REQUIREMENT. Would you reproduce the data below exactly, please, leaving out its images?

Data items.
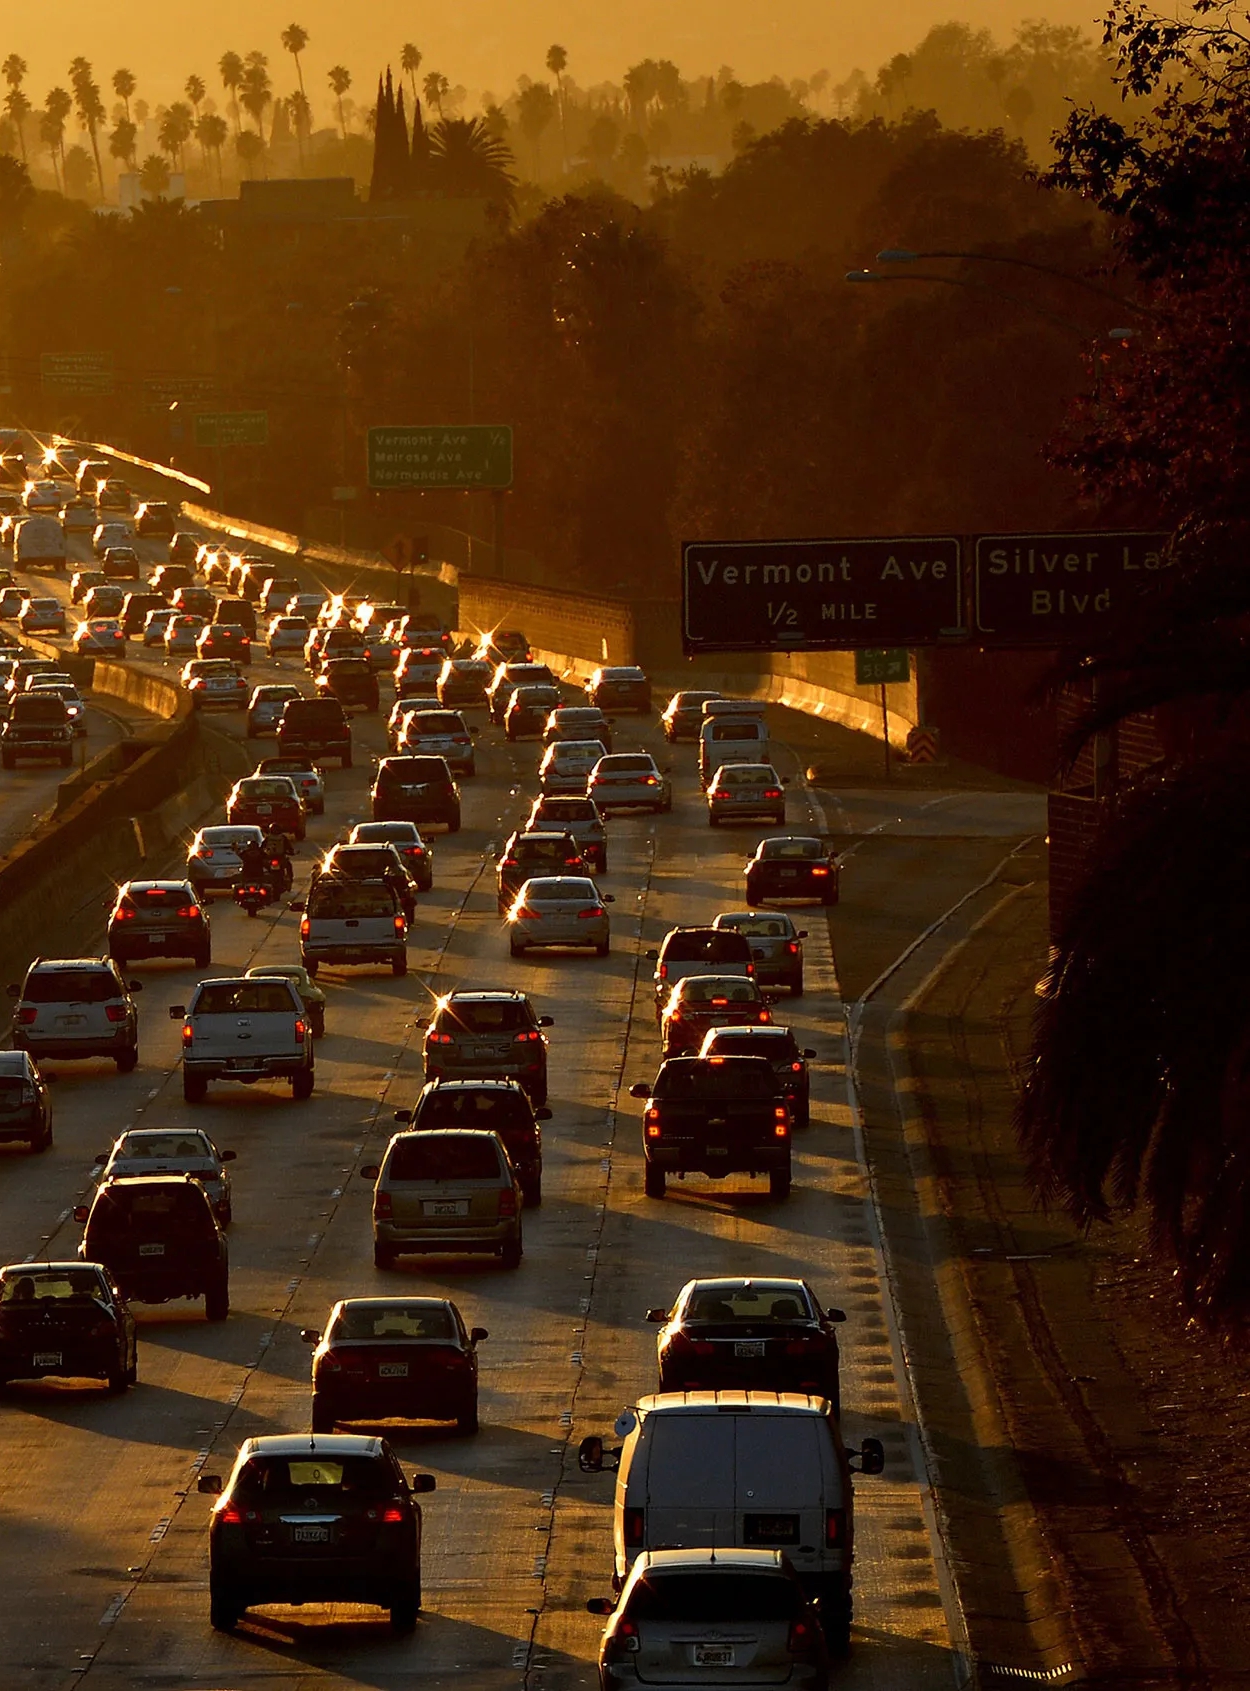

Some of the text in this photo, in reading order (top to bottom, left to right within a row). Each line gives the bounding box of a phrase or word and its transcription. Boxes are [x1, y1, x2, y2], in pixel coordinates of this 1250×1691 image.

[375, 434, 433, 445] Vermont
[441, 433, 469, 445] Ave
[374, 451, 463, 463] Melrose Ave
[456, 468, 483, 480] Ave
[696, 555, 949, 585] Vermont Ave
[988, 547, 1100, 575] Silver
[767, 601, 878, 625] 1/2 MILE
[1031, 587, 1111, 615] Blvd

REPLY.
Some of the text in this photo, in reading order (top to bottom, left to right within a row). Each line gives the bounding box of a phrase or word and its transcription. Boxes are [x1, y1, x2, y2], in pixel coordinates of this 1250×1691 image.

[375, 434, 433, 445] Vermont
[441, 433, 469, 445] Ave
[374, 451, 463, 463] Melrose Ave
[456, 468, 483, 480] Ave
[696, 555, 949, 585] Vermont Ave
[988, 547, 1100, 575] Silver
[767, 601, 878, 625] 1/2 MILE
[1031, 587, 1111, 615] Blvd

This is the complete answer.